Mercedes-Benz says the facelifted C-Class range, of which the C 200 saloon tested here is the entry-level model, features 6500 new or updated components, including a fair bit of trickle-down technology from its larger E-Class and S-Class siblings.
Moving beyond largely cosmetic exterior changes, the most immediately obvious upgrade is a heavily redesigned dashboard that incorporates a fully digital two-screen display system for the vehicle’s key instruments and infotainment system.
But perhaps the most remarkable development comes under the bonnet. Here, the previous C 200’s quite conventional 2.0-litre turbocharged engine is replaced by the combination of a turbocharged 1.5-litre unit and 48-volt electric motor.
With this change, dubbed EQ Boost by Mercedes, the entry-level C-Class has become a hybrid, albeit at the mild end of the spectrum.
What’s it like to look at?
What’s it like to look at?
With new headlights (LEDs even at entry level), redesigned alloy wheels and re-sculptured bumpers front and rear, the new-look C 200 saloon is cleverly refreshed, without departing too far from a successful original recipe for elegant good looks that helped define the current W205 model when it first appeared in 2014.
What’s it like inside?
Roomy by class standards, the cabin continues to combine a compact luxury ambience with great adjustability and space in the seating position up front.
Though not quite as clever as the double-width display and MBUX infotainment system of the latest A-Class, the new instrument cluster still lifts the C-Class cabin connectivity convincingly into the modern age.
Access to the rear is a little tight, but once aboard comfort is fine, and a 40:20:40 split rear seat back gives flexible access and load extension options to the 455-litre boot behind.
What comes as standard?
Items covered by the $73,900 price tag include pushbutton start, customisable 64-colour interior ambient lighting, dual-zone climate control, artificial leather trim, and smartphone mirroring for Apple and Android devices.
The safety muster includes automated emergency braking, attention assist, blind spot monitoring, a reversing camera, front and rear parking sensors, and nine airbags.
The test car featured metallic grey paint as an extra-cost feature, along with a seat comfort package that provides memory functions, front-seat heating, and additional power adjustment functions.
What’s it like to drive?
The mild hybrid system delivers the same power as (135kW) and slightly less torque (280Nm versus 300Nm) than the old 2.0-litre engine. However, the bare figures mask the cleverness of the EQ Boost system,which uses the electric motor’s 10kW and 160Nm to provide bottom-end punch that a turbo petrol on its own simply can’t deliver.

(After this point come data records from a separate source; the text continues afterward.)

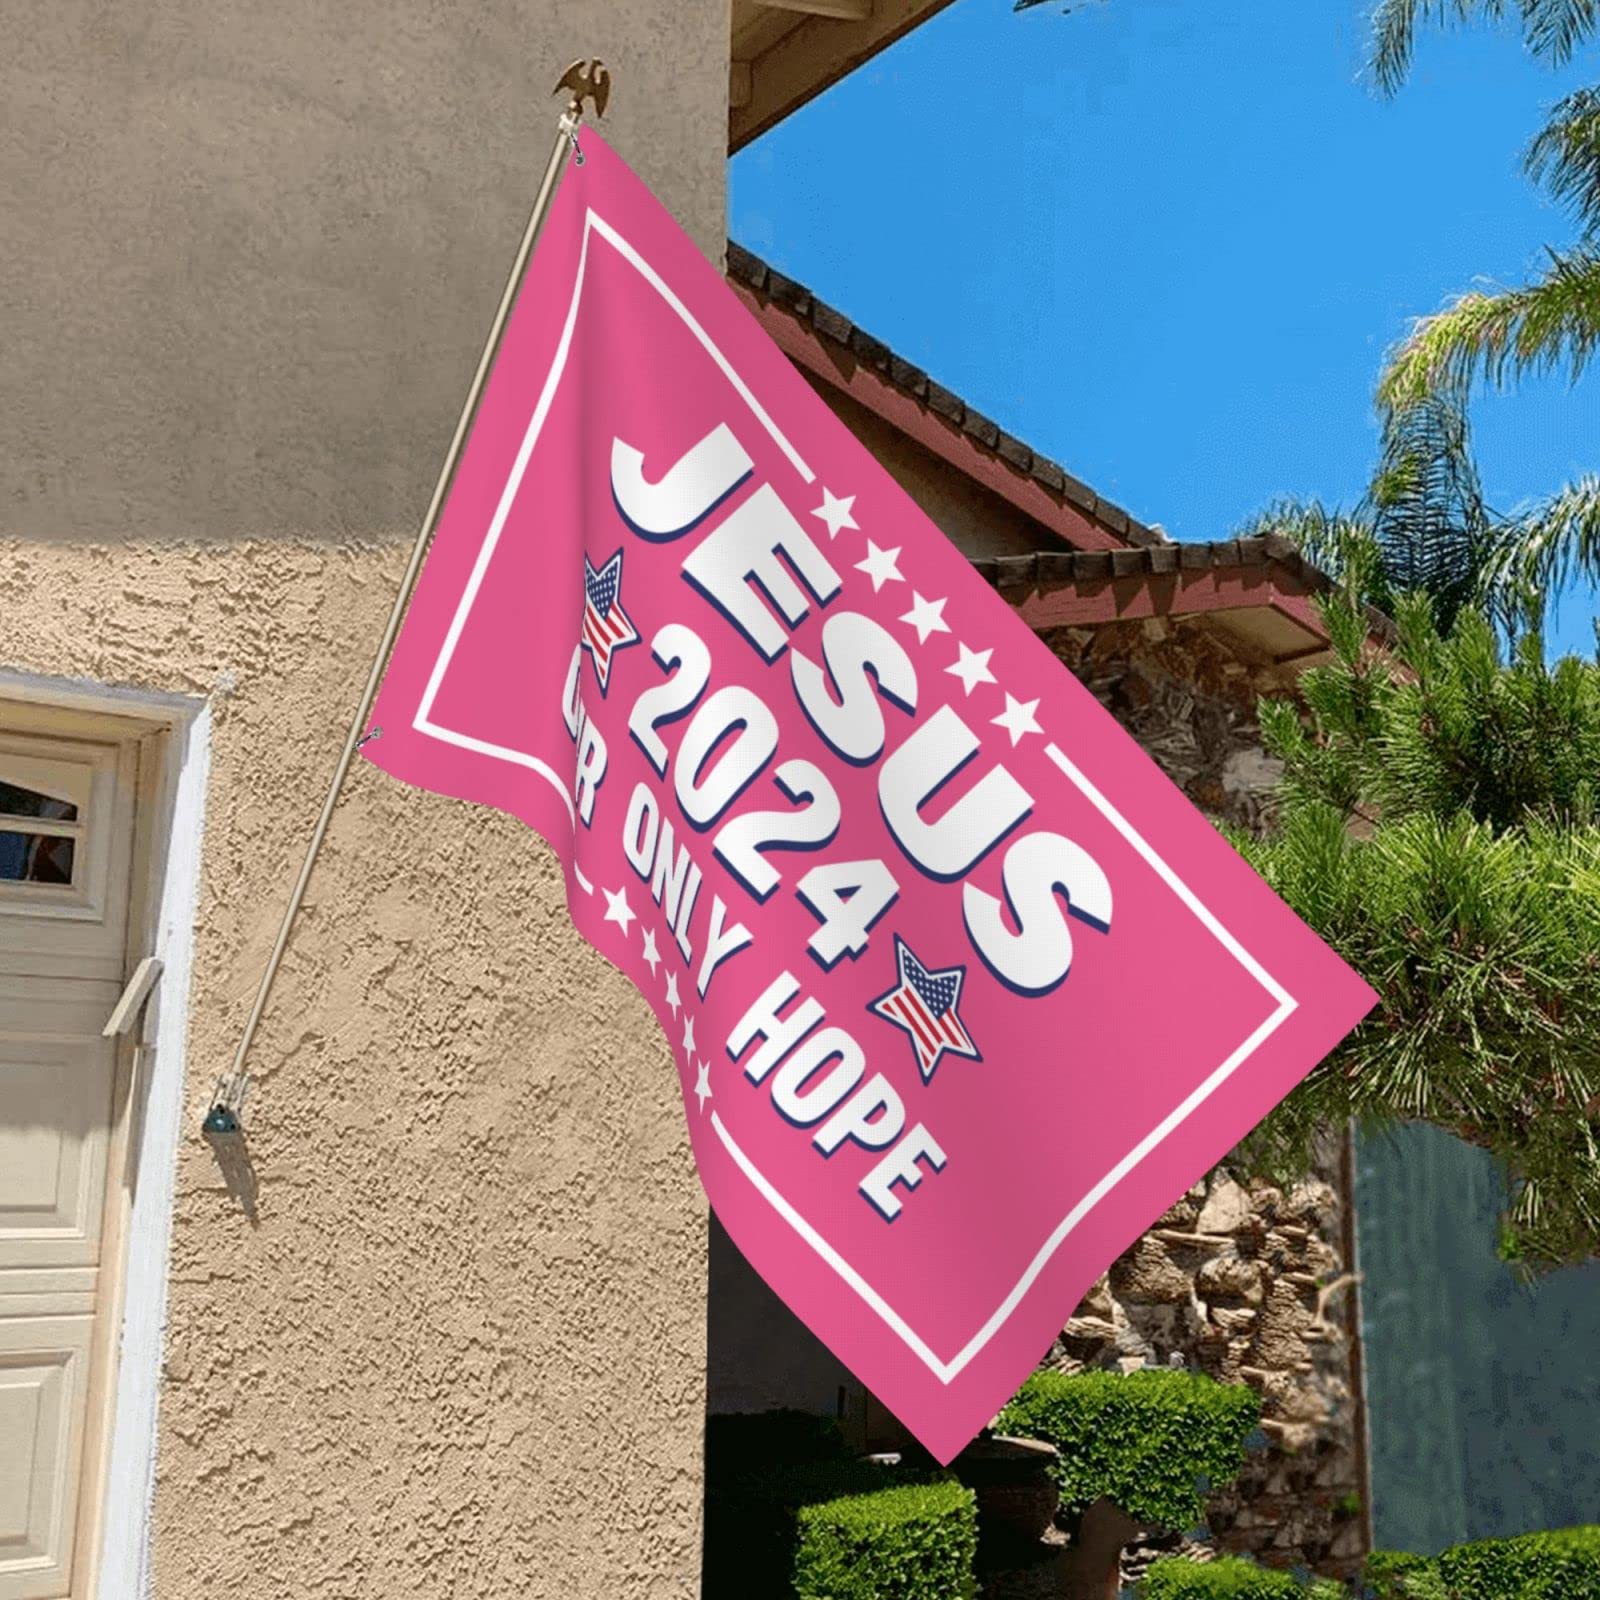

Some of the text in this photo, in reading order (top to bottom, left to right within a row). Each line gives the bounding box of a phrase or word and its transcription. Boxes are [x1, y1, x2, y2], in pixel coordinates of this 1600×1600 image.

[611, 422, 1113, 997] JESUS
[628, 624, 900, 971] 2024
[623, 782, 754, 1002] ONLY
[726, 970, 948, 1223] HOPE
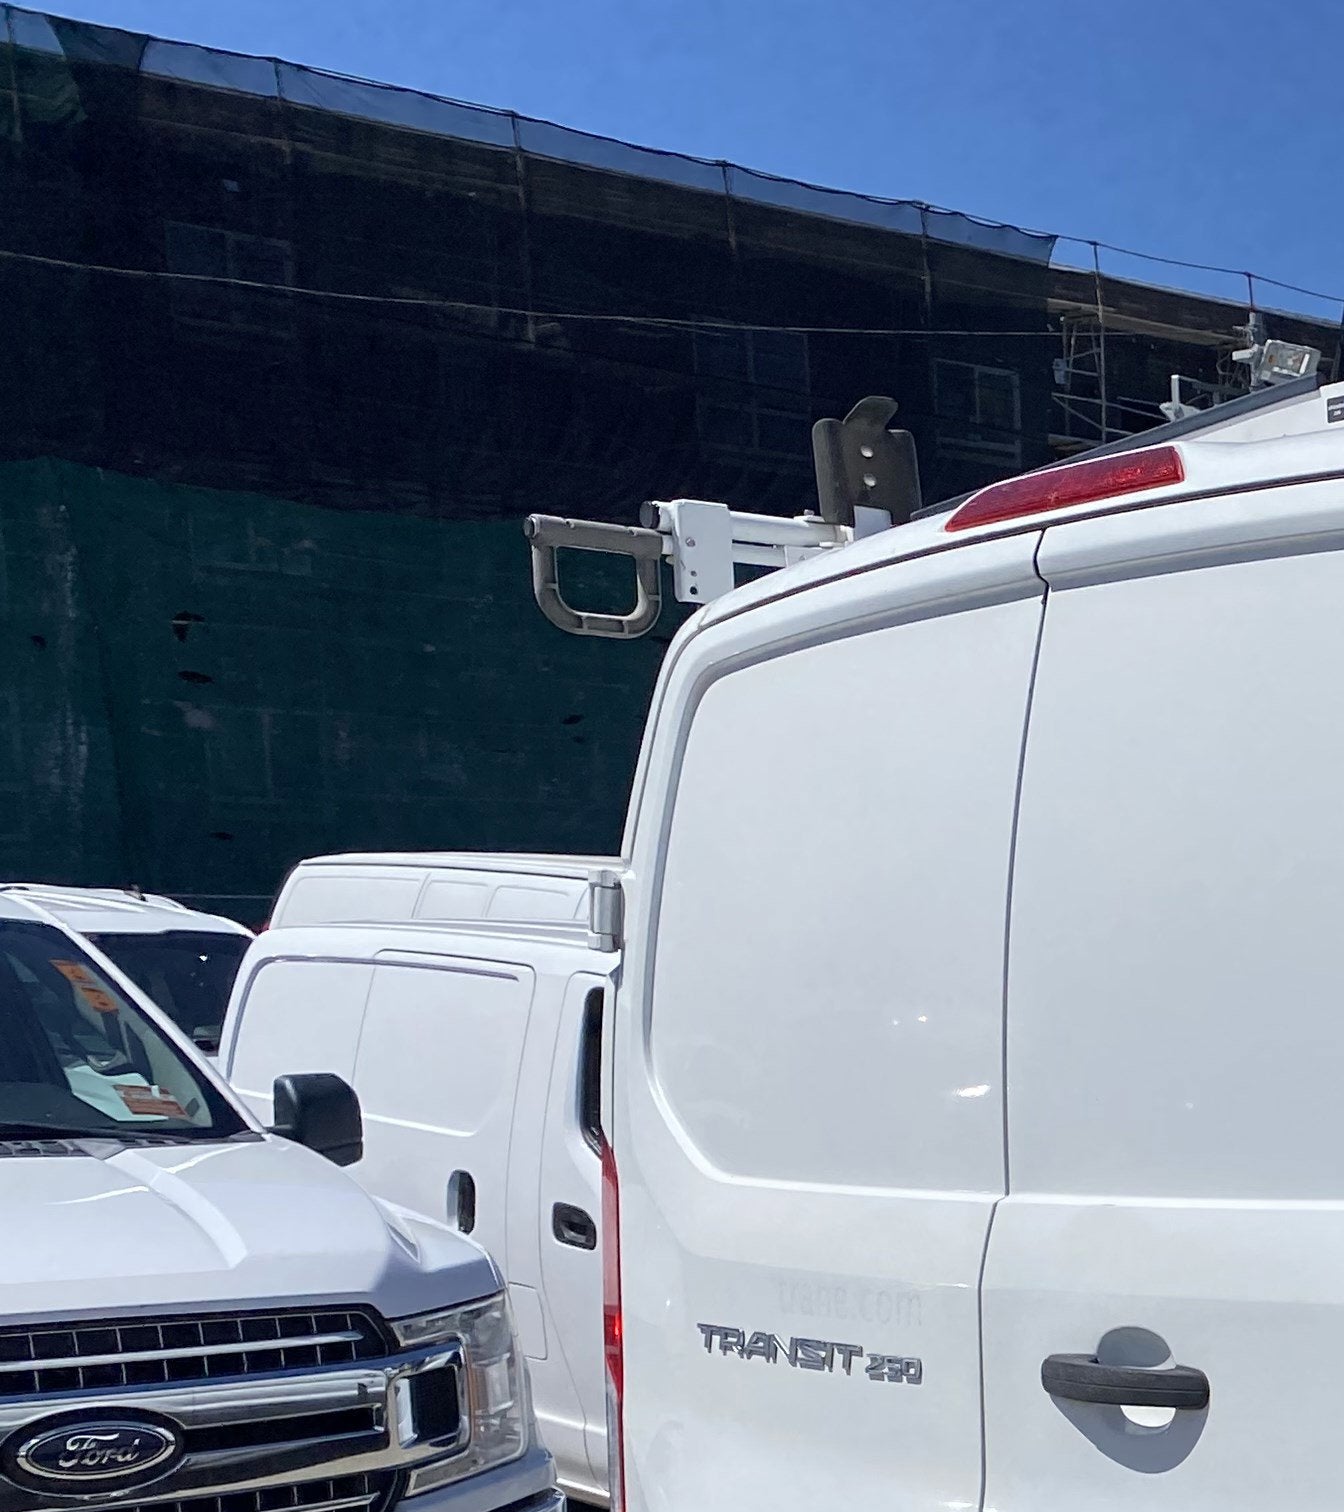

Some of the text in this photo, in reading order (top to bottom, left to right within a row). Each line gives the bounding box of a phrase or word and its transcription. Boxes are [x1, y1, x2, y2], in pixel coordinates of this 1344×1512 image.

[696, 1322, 924, 1386] TRANSIT 250
[57, 1432, 141, 1468] Ford
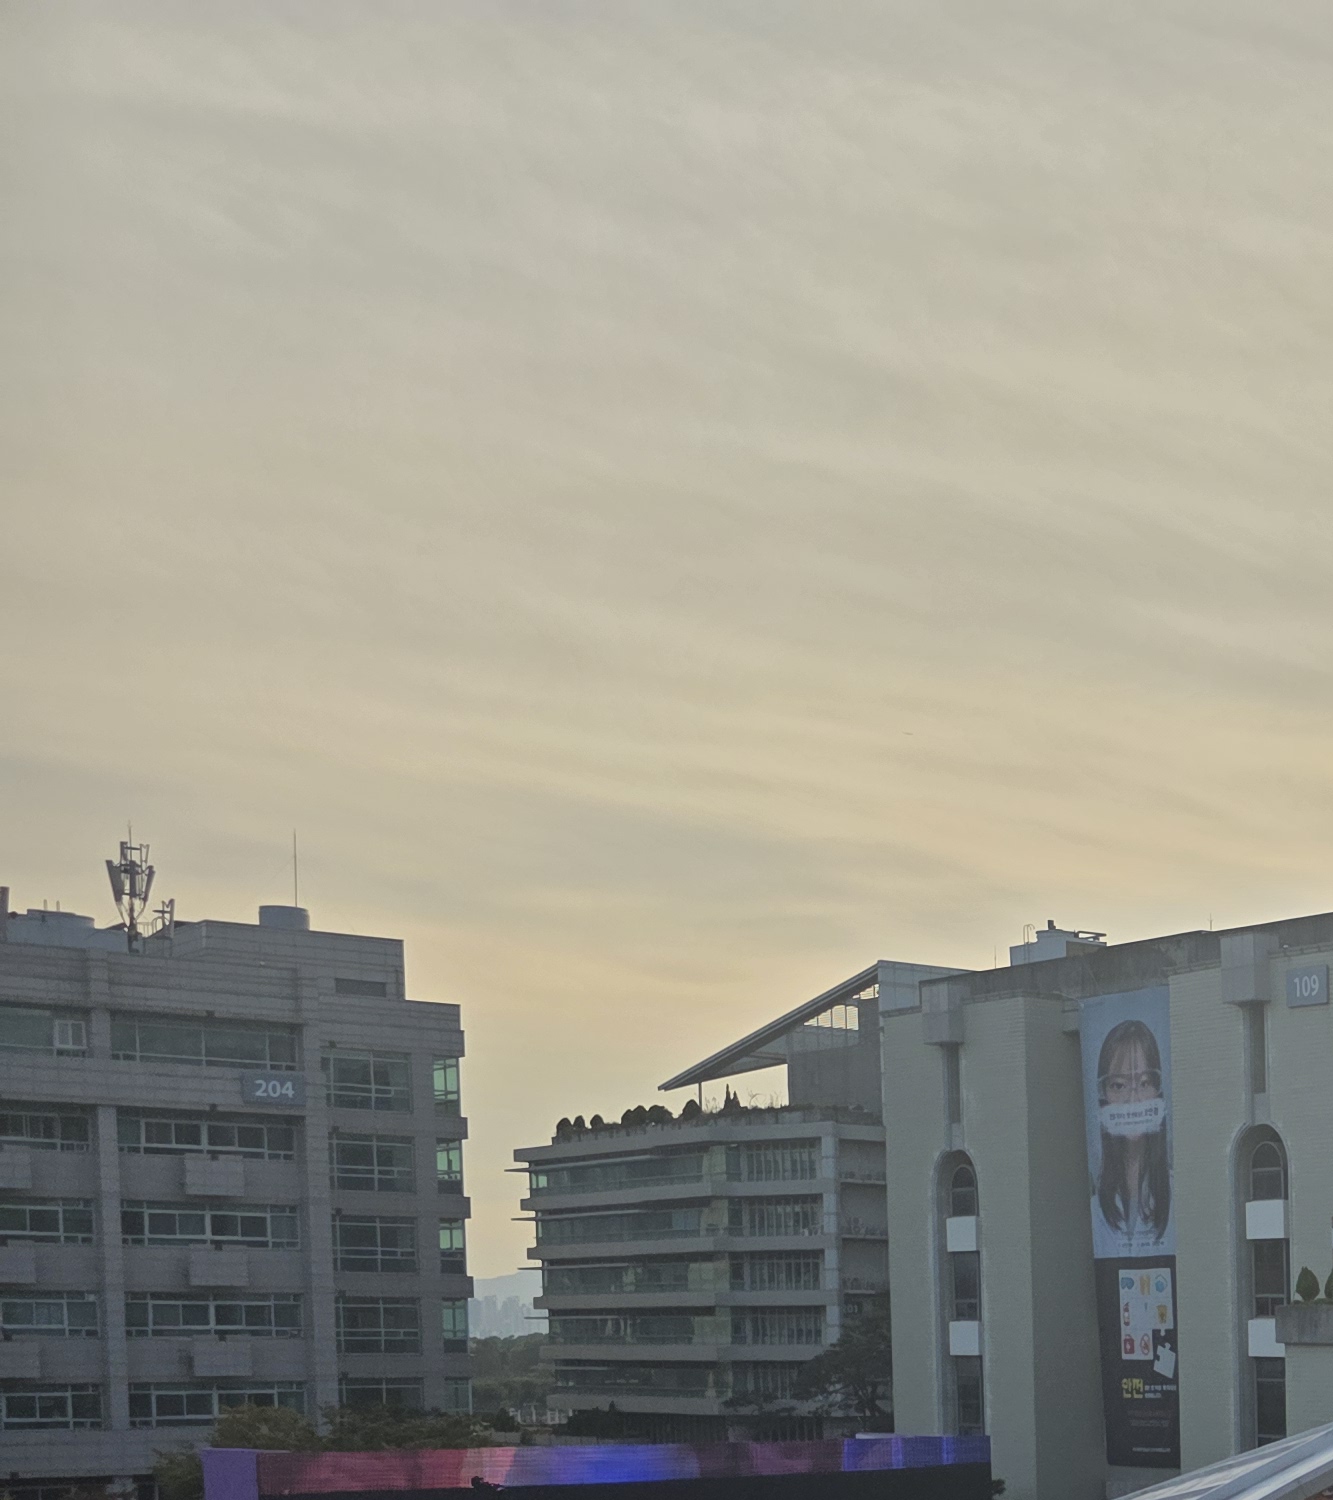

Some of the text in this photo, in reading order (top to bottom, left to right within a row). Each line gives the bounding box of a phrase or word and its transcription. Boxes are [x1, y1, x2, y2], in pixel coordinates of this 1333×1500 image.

[1293, 975, 1319, 997] 109
[254, 1079, 295, 1098] 204
[1121, 1378, 1143, 1399] 안전
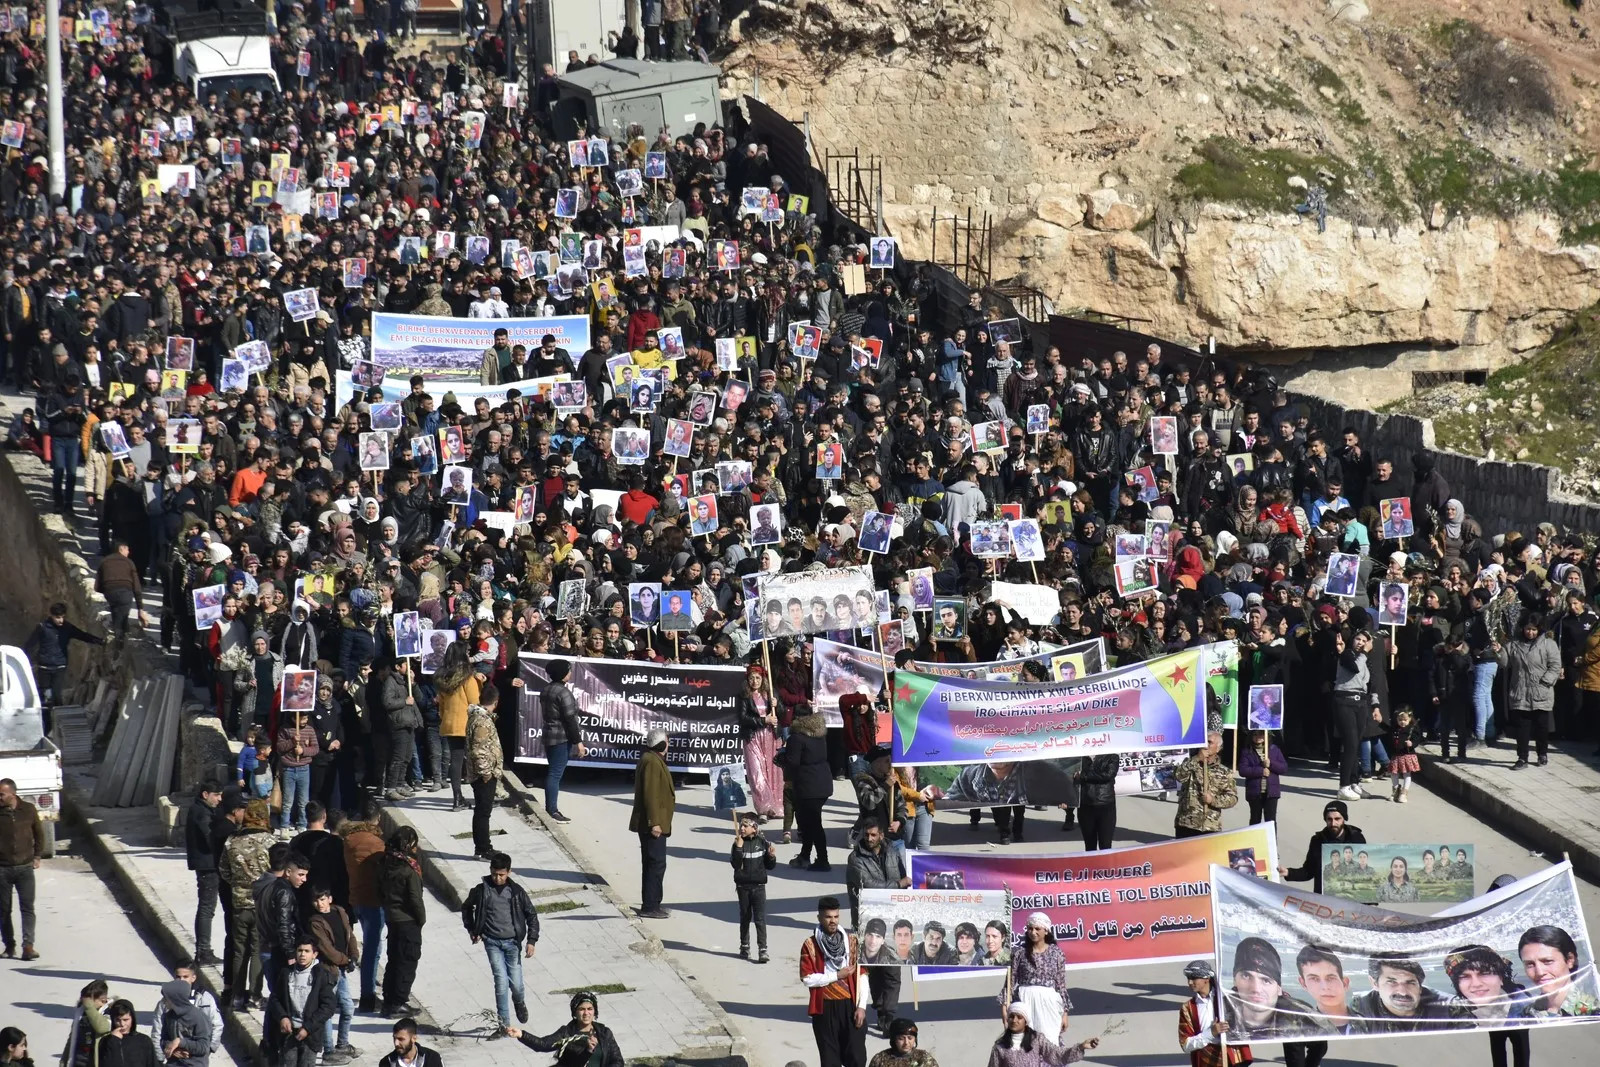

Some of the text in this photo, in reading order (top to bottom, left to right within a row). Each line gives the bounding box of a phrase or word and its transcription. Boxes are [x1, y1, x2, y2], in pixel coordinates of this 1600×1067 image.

[621, 672, 648, 685] عفرين
[650, 675, 680, 686] سنحرر
[1048, 686, 1074, 698] XWE
[705, 695, 735, 710] الدولة
[1041, 705, 1053, 714] TE
[1009, 722, 1042, 736] الرأس
[1045, 718, 1090, 733] مرفوعة
[586, 732, 599, 742] YA
[668, 737, 710, 749] ETEYÊN
[1041, 735, 1078, 750] العالم
[1083, 733, 1111, 748] اليوم
[699, 753, 712, 763] YA
[715, 754, 732, 764] ME
[1035, 871, 1060, 883] EM
[1063, 869, 1073, 882] Ê
[1092, 863, 1152, 880] KUJERÊ
[890, 892, 946, 903] FEDAYIYÊN
[1012, 893, 1053, 910] OKÊN
[1057, 889, 1111, 907] EFRÎNÊ
[1116, 888, 1147, 903] TOL
[1088, 919, 1118, 941] قاتل
[1123, 921, 1143, 939] من
[1151, 915, 1206, 939] سننتقم

Helped also by the abilities of the vehicle’s 9-speed automatic transmission, EQ Boost is so seamless in everyday operation that it’s hard to pick as a hybrid.
Acceleration, both off the mark and when overtaking, is brisk. The combined cycle fuel consumption figure of 6.4L/100km isboth appreciably better than that of the previous C200 and genuinely achievable with careful driving.
Mechanical refinement, especially at round-town speeds, is exceptional, and with adaptive damping as standard, excellent ride quality can be called up at the push of button too. Sport or sport plus mode sharpens the C200’s responses and agility to provide plenty of fun, though the test car always felt more at home travelling at a measured pace.
What’s the verdict?
Digital display aside, this facelift of the C-Class comes across as a light one at first glance. But with EQ Boost, the C 200 is transformed from being, quite simply, the entry level model in the range, to a variant with a clear point of difference that goes well beyond price.